Jasmine dice que me pasé todo el rato chillando y gritándole a Asher «levanta de una vez el culo, so nenaza» (son palabras suyas, no mías). Yo no recuerdo lo que dije en voz alta pero sé que por dentro estaba rogándole al universo para que me concediese más tiempo con él. La idea de perder a otra persona querida era superior a mis fuerzas y sabía que, una vez acabada la lucha, tendría demasiado tiempo libre para procesar todas las pérdidas que había sufrido.
Sin embargo, cuando volví a mirar, Sascha estaba succionando todo lo inerte de Asher, que por fin abrió los ojos y se me quedó mirando fijamente.
—¿Te han dicho alguna vez que tienes una belleza matadora? —Aquellas fueron las primeras palabras que surgieron de su boca; luego me dedicó su típica media sonrisa y a punto estuve de abalanzarme sobre él de la alegría.
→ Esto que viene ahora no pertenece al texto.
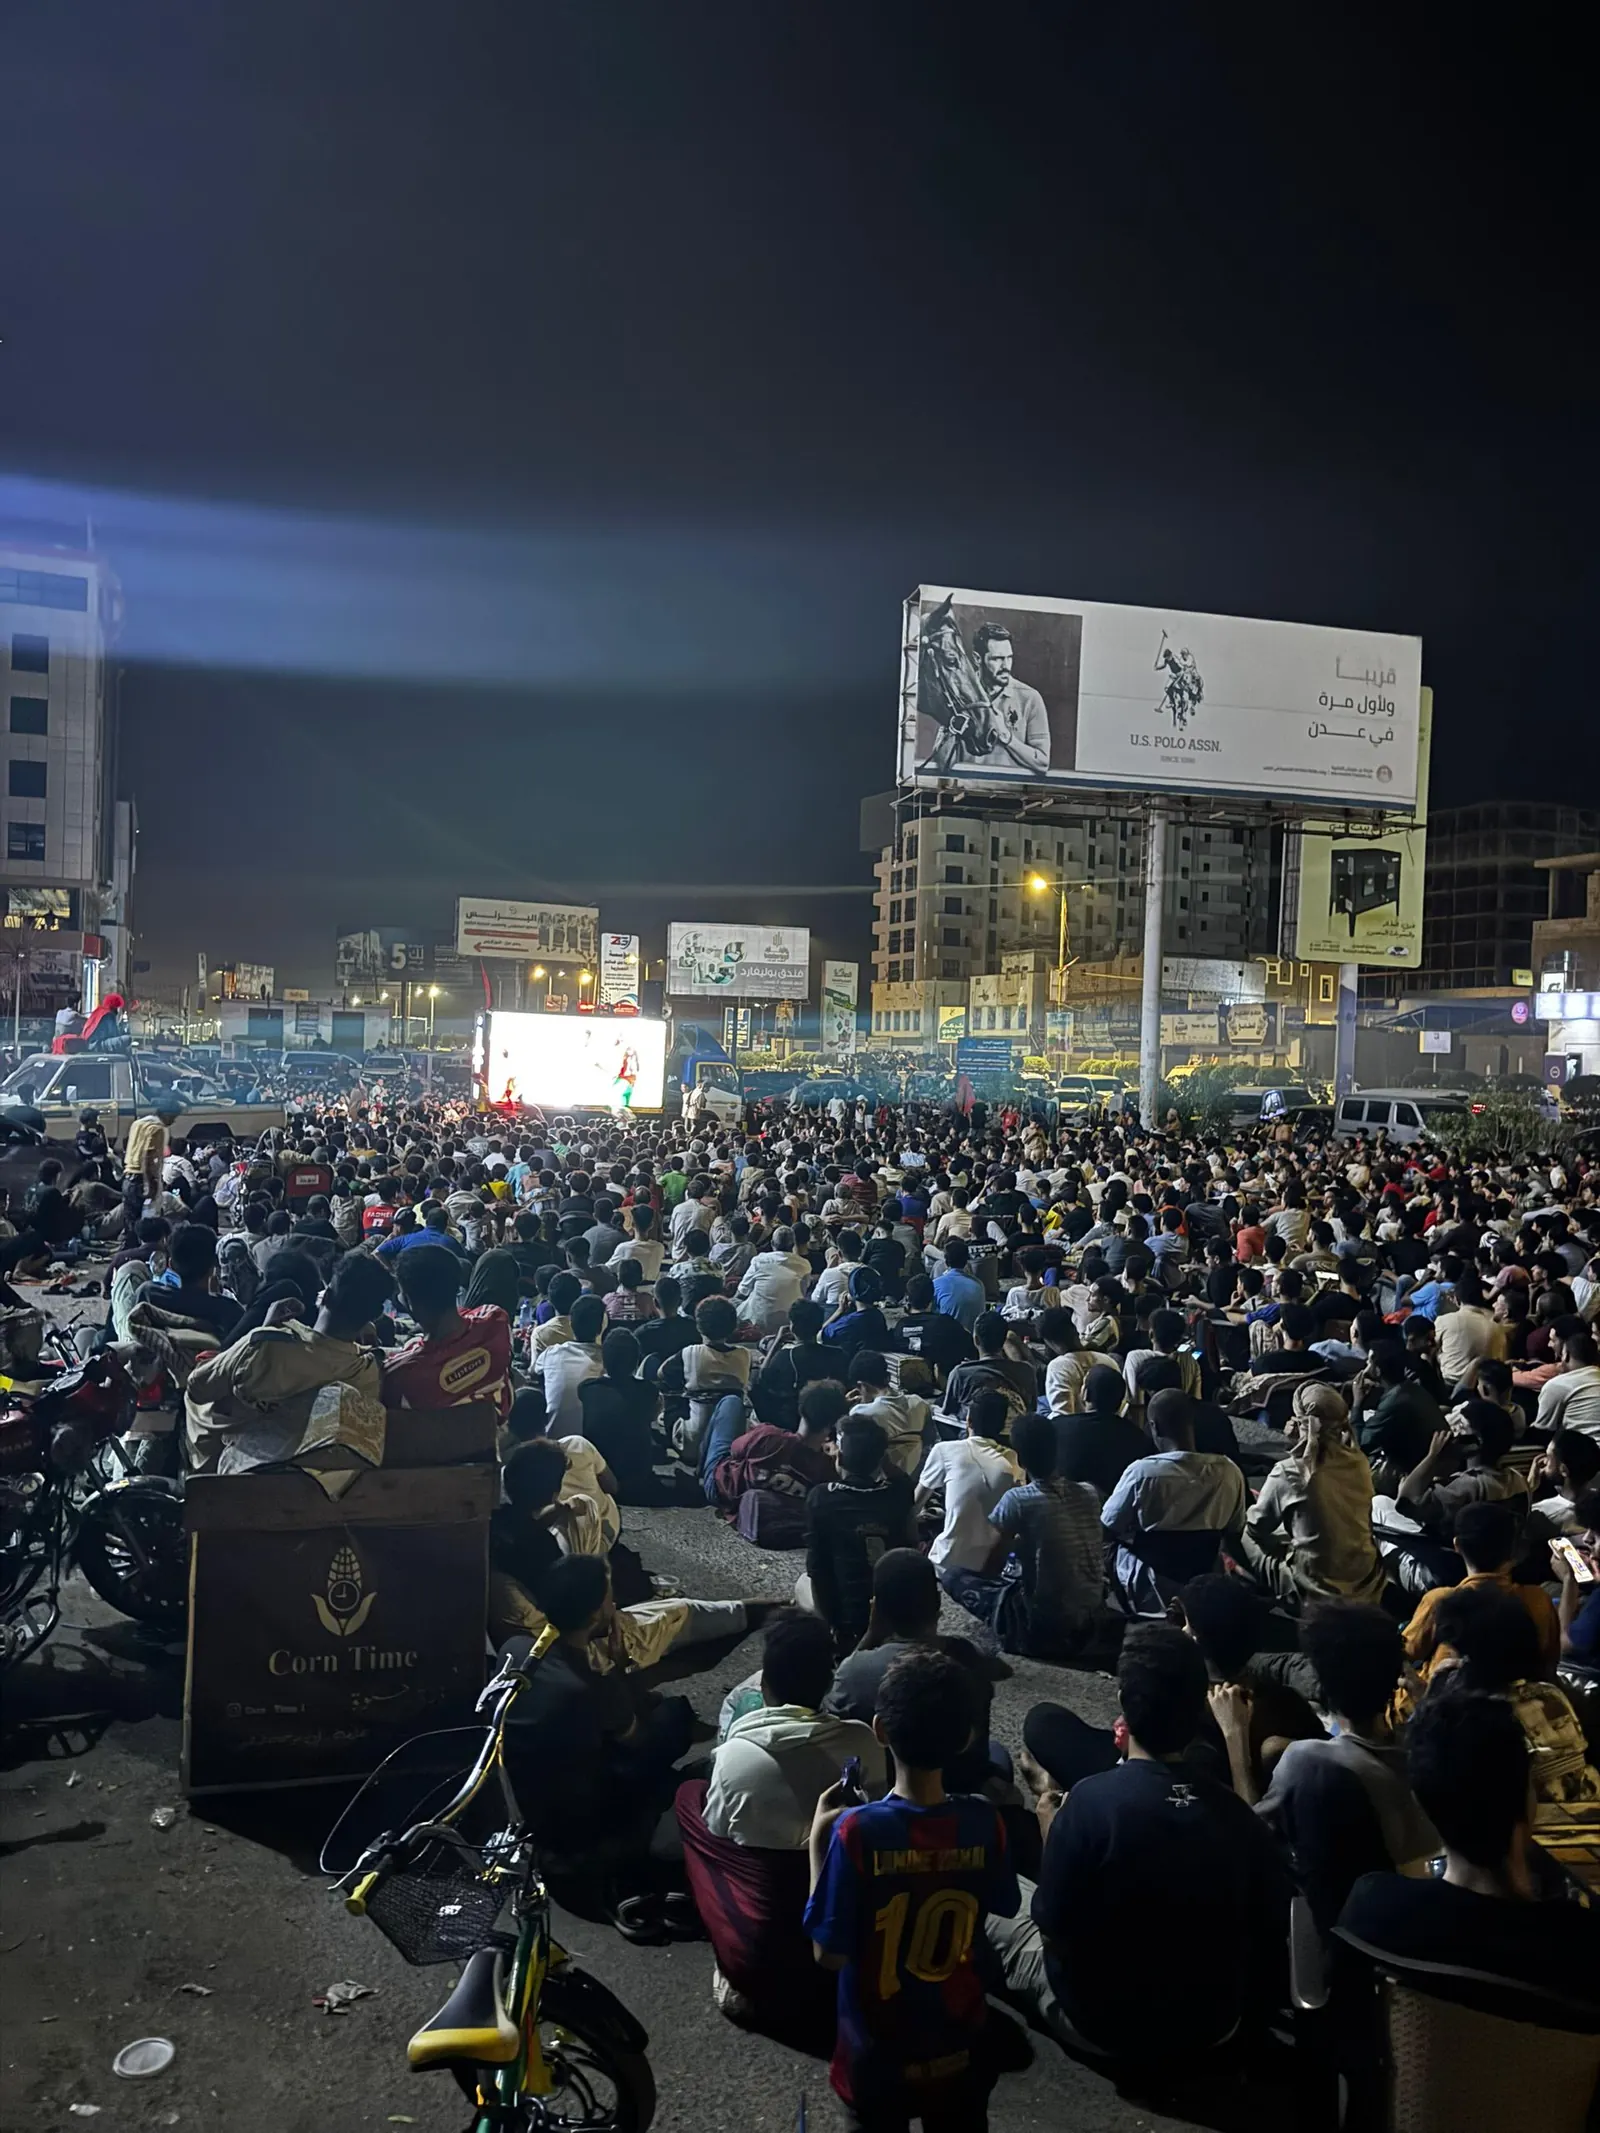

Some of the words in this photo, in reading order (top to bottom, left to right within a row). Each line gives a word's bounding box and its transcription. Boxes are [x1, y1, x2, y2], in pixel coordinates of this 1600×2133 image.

[1318, 691, 1354, 711] مرة
[1357, 694, 1395, 717] ولأول
[1308, 721, 1366, 739] عدن
[1369, 727, 1394, 748] في
[1130, 734, 1152, 747] U.S.
[1154, 736, 1186, 749] POLO
[1188, 739, 1222, 752] ASSN.
[390, 943, 406, 970] 5
[777, 967, 804, 979] فندق
[447, 1358, 483, 1383] Lipton
[268, 1648, 339, 1676] Corn
[347, 1645, 418, 1672] Time
[874, 1887, 980, 2001] 10
En lugar de eso, puse los ojos en blanco.
—Tú sí que sabes piropear a una chica, amigo —bromeé, aunque al mismo tiempo lo cogí de la mano.
Ambos sabíamos lo que había hecho el otro: habíamos antepuesto nuestras familias a todo lo demás. Pero también sabíamos que habíamos hecho lo correcto, y mi plan era convertirlo en parte de esa familia y aceptar a él y a su hermana (a la que encontramos poco después de la desaparición de Samuel) como miembros oficiales de los Cleri.
No todo el aquelarre, sin embargo, recibió de buen grado la noticia. Fiel a sus costumbres, Fallon refunfuñó durante horas y amenazó con desertar si invitábamos a traidores al grupo. Aun así, en cuanto Asher le enseñó unos cuantos hechizos en privado (se negaron incluso a compartirlos conmigo), Fallon se convirtió en el mayor fan de Asher y empezó a seguirlo por todas partes junto con sus acólitos. Me di cuenta entonces de lo mucho que Fallon debía de echar de menos a su padre, y no me extrañó tanto cuando me enteré de que en los días en que se había ausentado en realidad había vuelto a su casa, llevado por una especie de esperanza de que hubiesen conseguido salir con vida del almacén; pasó allí varios días antes de que los parricistas lo encontraran y lo atacasen. Cuando comprendió que su familia se había ido para siempre y que no era seguro estar solo, consiguió regresar a la cabaña a tiempo para la batalla.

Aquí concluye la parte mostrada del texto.